Na prática, são os engenheiros clínicos os responsáveis por integrar as técnicas de engenharia com o conhecimento clínico para gerenciar as tecnologias médicas. Eles sempre foram cruciais dentro dos processos que garantem a qualidade e a segurança dos pacientes. Hoje, contudo, suas habilidades têm sido cada vez mais requisitadas em outras áreas como parte da tomada de decisão que avalia o custo-benefício da aquisição de novas máquinas e implementação de novas terapias a longo prazo, estratégias indispensáveis para a sustentabilidade do sistema. O tema foi pauta da primeira edição do Congresso Brasileiro Einstein de Engenharia Clínica, realizado no fim de outubro pelo Hospital Israelita Albert Einstein.

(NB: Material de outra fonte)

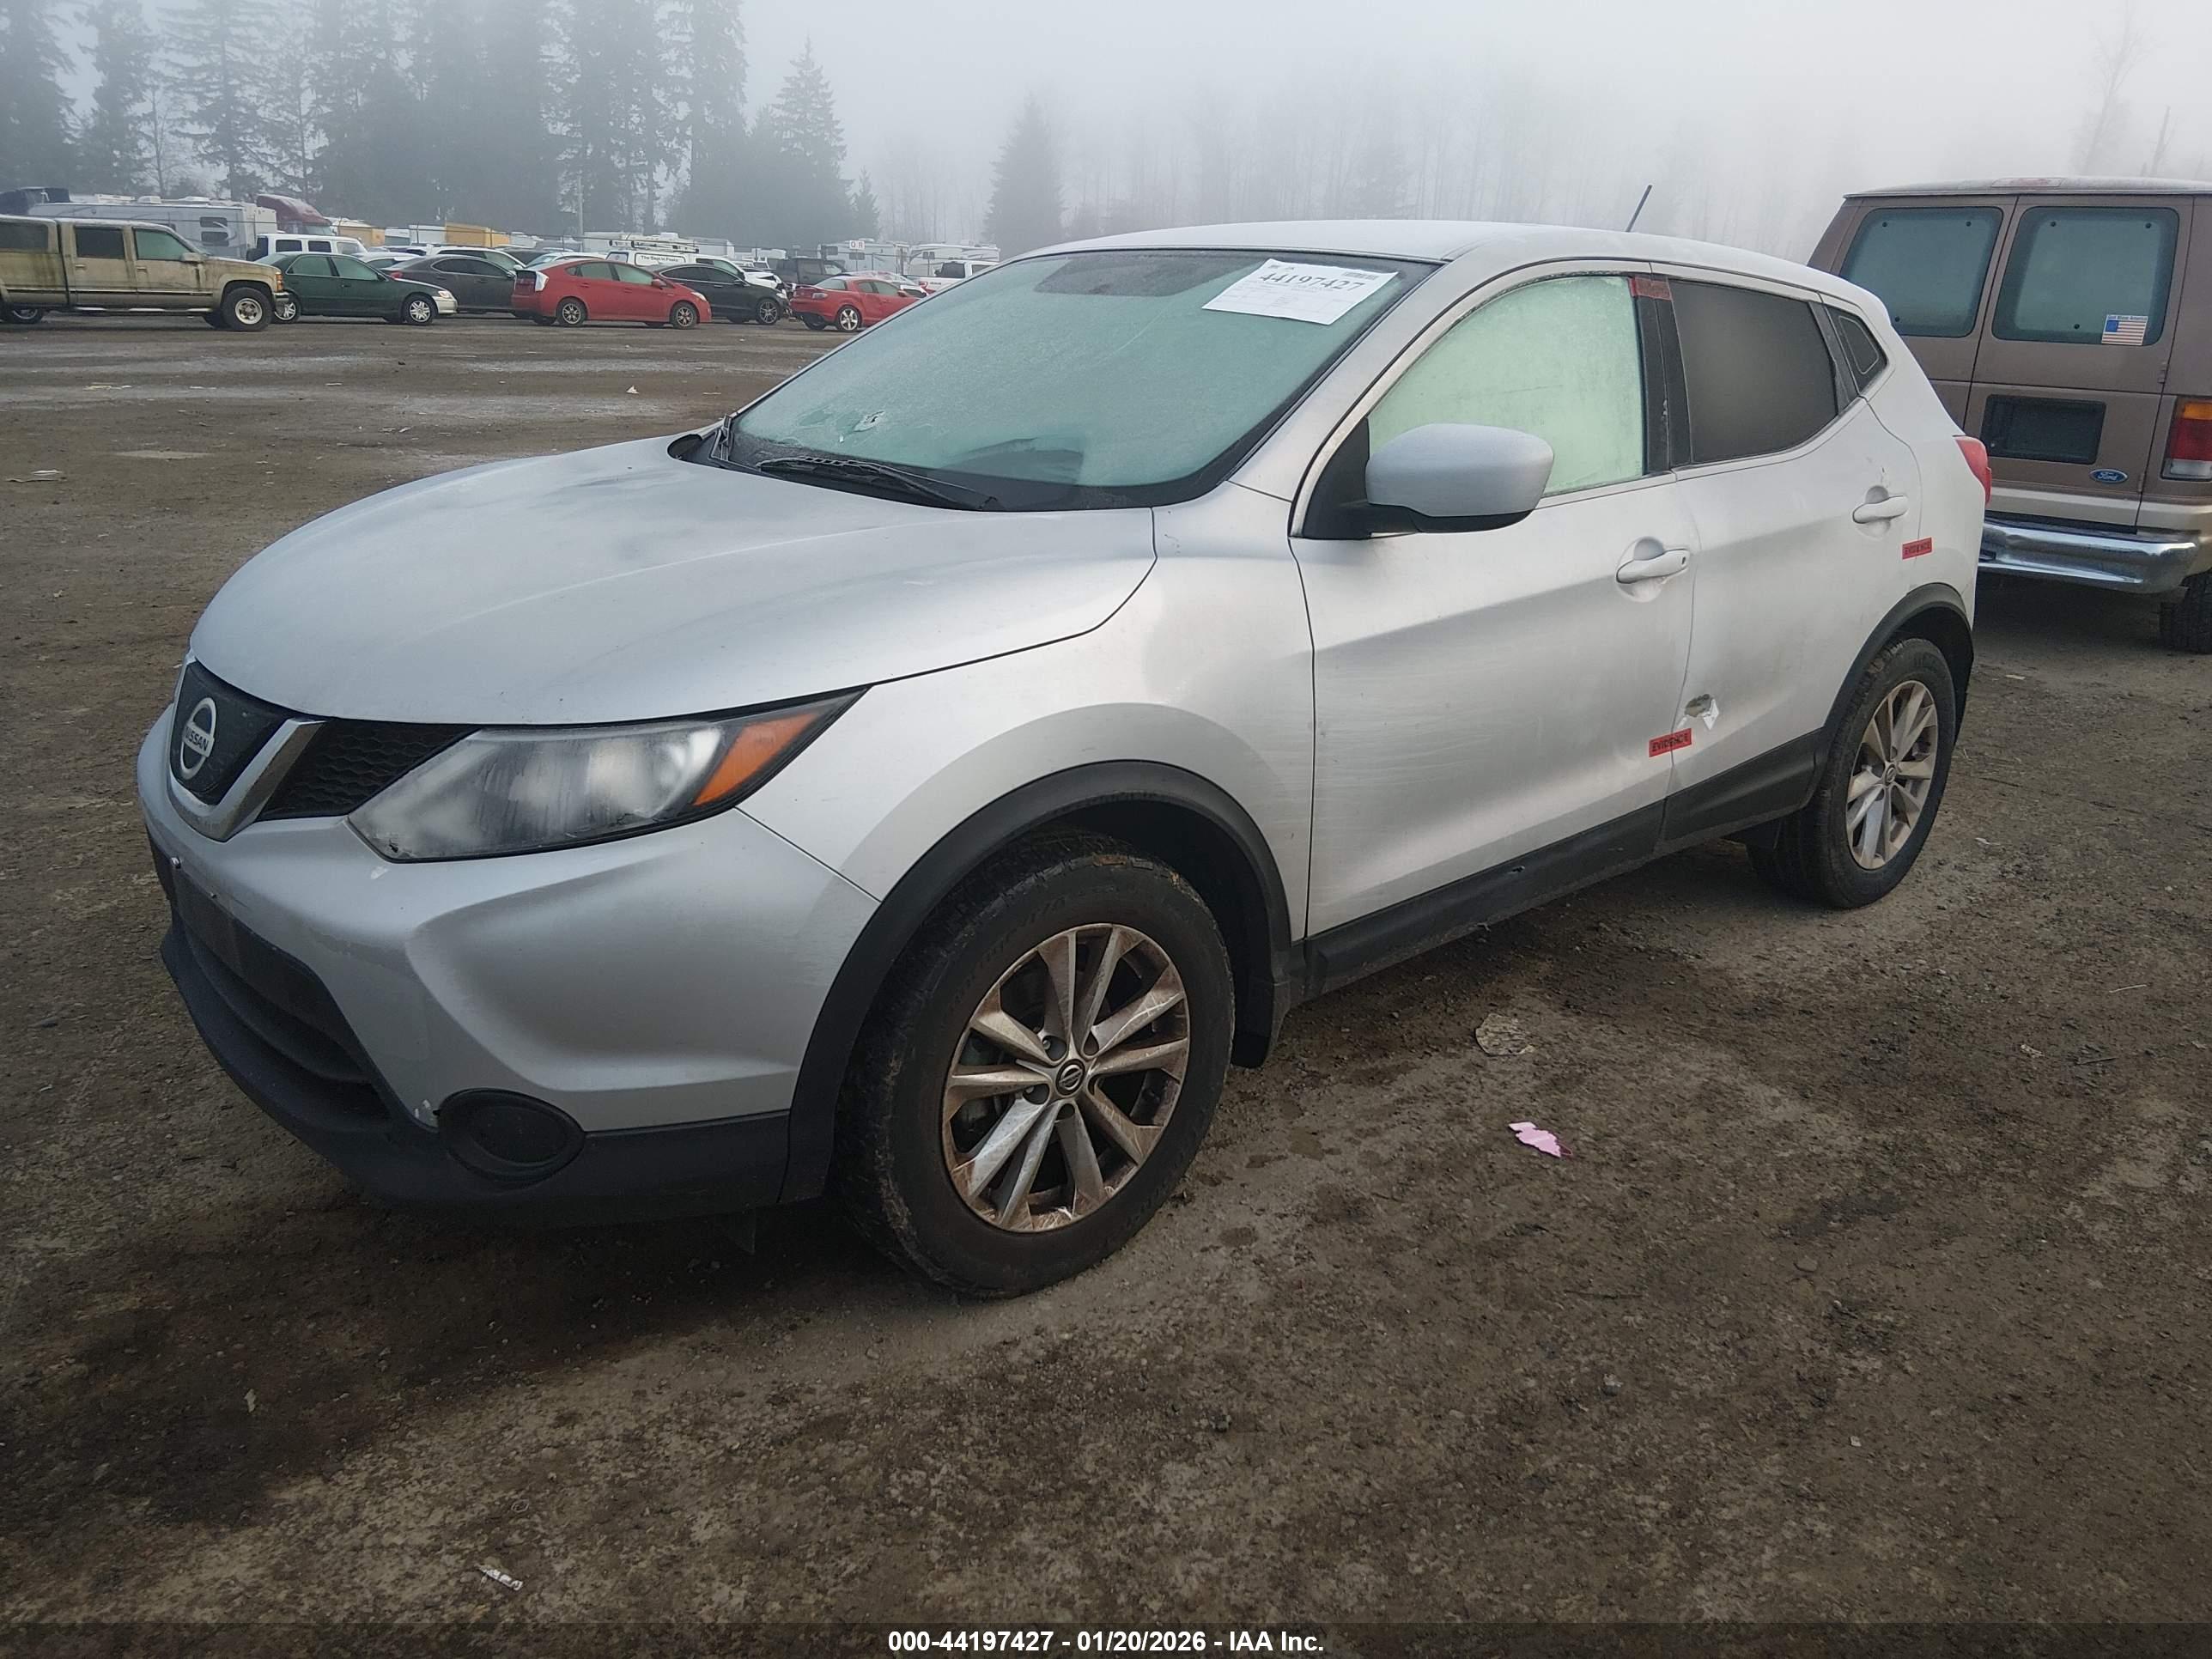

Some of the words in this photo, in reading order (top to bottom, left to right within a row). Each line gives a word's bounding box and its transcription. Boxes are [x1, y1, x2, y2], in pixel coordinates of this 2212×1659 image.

[1259, 272, 1365, 292] 44197427
[2097, 471, 2119, 481] Ford
[185, 726, 209, 752] NISSAN

“O foco da engenharia clínica vai muito além da manutenção corretiva. É uma área que precisa atuar do lado do médico, do paciente e do negócio”, afirma Antonio Gibertoni Junior, gerente de engenharia clínica do Einstein. “Se contribuirmos para aumentar a produtividade e diminuir despesas, vamos otimizar o sistema e facilitar o acesso.”
Dentre os assuntos que dominaram o debate estão o uso de IA, tecnologias robóticas, avanços na legislação e regulamentação das tecnologias e da profissão, papel da engenharia clínica nos hospitais do futuro e o cenário do setor no Brasil e na América Latina.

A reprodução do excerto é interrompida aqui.